The answer, if this were 2014, would likely have been Plan F; the answer today, Plan G.
Once enrolled in Medicare Part A and Part B, a person has hospital and medical insurance. However, Part A and Part B come with a slew of out-of-pocket costs. For example, in 2019, there’s a $1,364 hospital deductible, a $167.50 per day copayment for days 21-100 in a skilled nursing facility, and a 20% Part B coinsurance (once the deductible is met). And, most important, there is no maximum limit on out-of-pocket costs. A person stricken with cancer, for example, would be responsible for 20% of every radiation or chemotherapy treatment.
To control these costs, a Medicare beneficiary can purchase a Medigap policy, officially known as “Medicare supplement insurance.” This is coverage sold by private insurance companies to help pay bills that Medicare Part A and Part B do not cover.
In 47 states, Medigap policies are standardized. There are 10 plans, each labeled with a letter. Each letter-plan represents a different package of benefits and cost sharing. For example, Plan A is very basic, covering 100% of four benefits. Plans K and L offer coverage of six benefits. However, for five of the six benefits, the individual must pay a portion of the cost (50% or 25%).

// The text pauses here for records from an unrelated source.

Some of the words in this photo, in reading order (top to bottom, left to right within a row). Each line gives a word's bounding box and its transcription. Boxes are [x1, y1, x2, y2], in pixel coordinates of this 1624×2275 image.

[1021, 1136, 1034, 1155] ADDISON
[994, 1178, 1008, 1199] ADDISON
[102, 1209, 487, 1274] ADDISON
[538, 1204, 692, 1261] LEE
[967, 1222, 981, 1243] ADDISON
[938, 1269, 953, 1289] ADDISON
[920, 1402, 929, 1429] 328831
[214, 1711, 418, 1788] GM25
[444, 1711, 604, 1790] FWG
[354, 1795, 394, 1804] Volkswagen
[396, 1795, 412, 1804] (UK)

Plan F has been called the “Cadillac of Medigap plans.” It covers the maximum allowed for all nine benefits. Pay the premium and there’s first dollar coverage, which means the plan pays from day one. The beneficiary faces no out-of-pocket costs when using healthcare providers who will accept Medicare patients. According to AHIP, in 2016, 55% of those with Medigap policies had Plan F or its high-deductible version.
Plan G is one notch down from that. It covers eight of the nine benefits. The individual is responsible for the Part B deductible, which is $185 in 2019. Once the individual has paid the first $185 for outpatient services, the plan will cover the Medicare costs for the remainder of the year.

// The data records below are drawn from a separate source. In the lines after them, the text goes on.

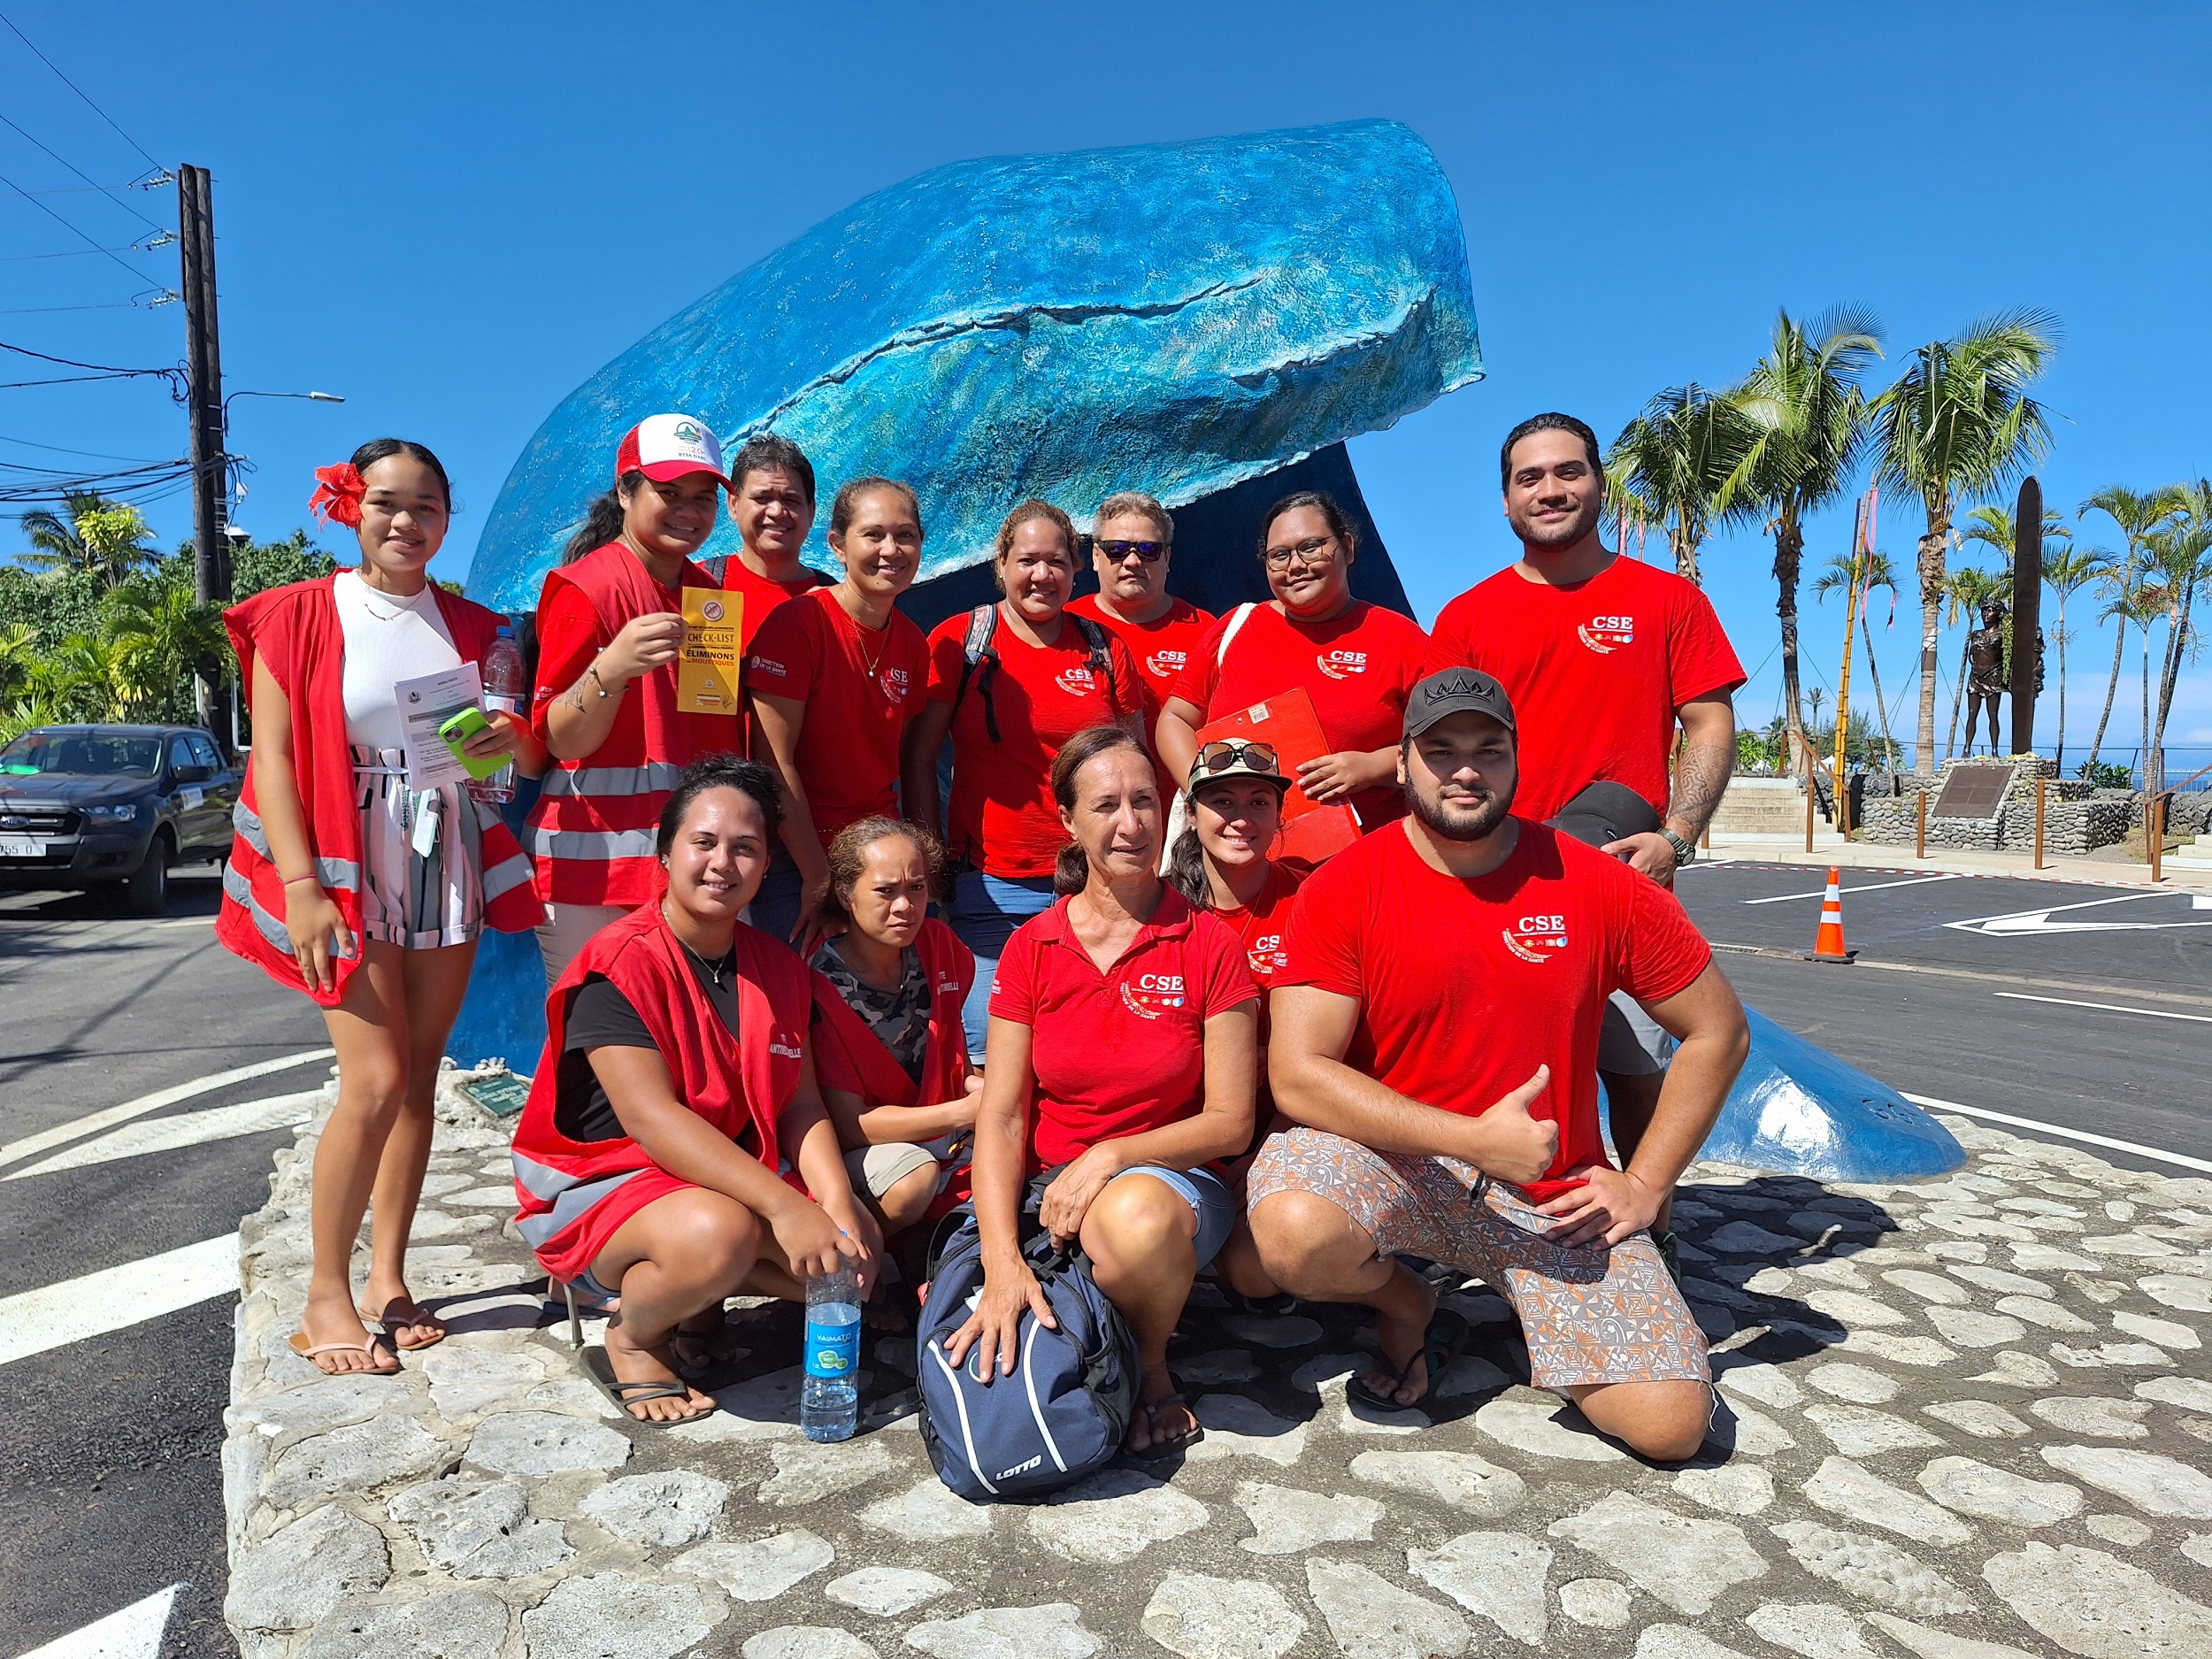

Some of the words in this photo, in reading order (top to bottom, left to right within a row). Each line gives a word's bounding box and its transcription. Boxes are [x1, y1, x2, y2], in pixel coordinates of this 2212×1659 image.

[1593, 616, 1633, 629] CSE
[687, 633, 734, 643] CHECK-LIST
[687, 649, 734, 660] ÉLIMINONS
[1157, 650, 1187, 662] CSE
[1330, 650, 1367, 663] CSE
[761, 657, 785, 669] DIRECTION
[1065, 669, 1093, 680] CSE
[1518, 915, 1565, 932] CSE
[1256, 935, 1280, 950] CS
[1140, 974, 1184, 991] CSE
[817, 1333, 851, 1342] VAIMATO
[995, 1455, 1041, 1481] LOTTO

So, what happened in 2015?
The Medicare Access and CHIP Reauthorization Act was signed into law in April 2015. Primarily focused on solving the problems with the physician payment system, it had other impacts as well. One of those: as of January 1, 2020, insurers will no longer be able to sell to newly eligible Medicare beneficiaries Medigap policies that cover the Part B deductible, specifically Plan F and Plan C. But those who have one of these plans now will be able to continue with it.
If Plan F is still viable until December 31, 2019, wouldn’t newly eligible beneficiaries want to get one? Probably not, for one simple reason. Plan F has lost its competitive pricing edge. Many plans now charge more to cover the Part B deductible than its value ($185 this year). Here are some examples from state websites.
- In Florida, one company charges an annual premium of $2,738 for Plan F and $2,496 for Plan G, a difference of $242.
- In Washington, a Plan F’s premium is $2,568 and the Plan G—$1,896, a difference of $672.
- Most striking is one company in North Carolina that offers a Plan F with an annual premium of $3,556. Their Plan G’s premium is $2,552, a difference of $1,004 to cover a benefit worth $185.
Why pay more than $185 for the Part B deductible?
Plus, there are concerns about what will happen to the monthly premiums for Plan F once new beneficiaries, mostly younger and healthier, are no longer able to enroll in the plan.
The other three states
Massachusetts, Minnesota, and Wisconsin have their own standardization for Medigap policies, so there is no Plan F in those states. However, this change applies: there will be no coverage for the Part B deductible in policies sold to newly eligible beneficiaries in 2020.
What about those who have Plan F now?
Beneficiaries who enrolled in Plan F before these changes may be concerned about increases in premiums down the road. Can they make a change?
- There are states that allow a beneficiary to switch plans. For example, New York has a continuous open enrollment period to get a policy. The insurer cannot deny an application because of pre-existing medical conditions. California has a birthday rule, which allows individuals to change to a plan with the same or lesser benefits, at the time of their birthday.
- In states without these opportunities, one can apply for a Plan G. However, the insurer may impose medical underwriting and pre-existing conditions can lead to a higher premium or denial of the application.
In 2019, Plan G is the smart choice. Why pay more than a benefit is worth?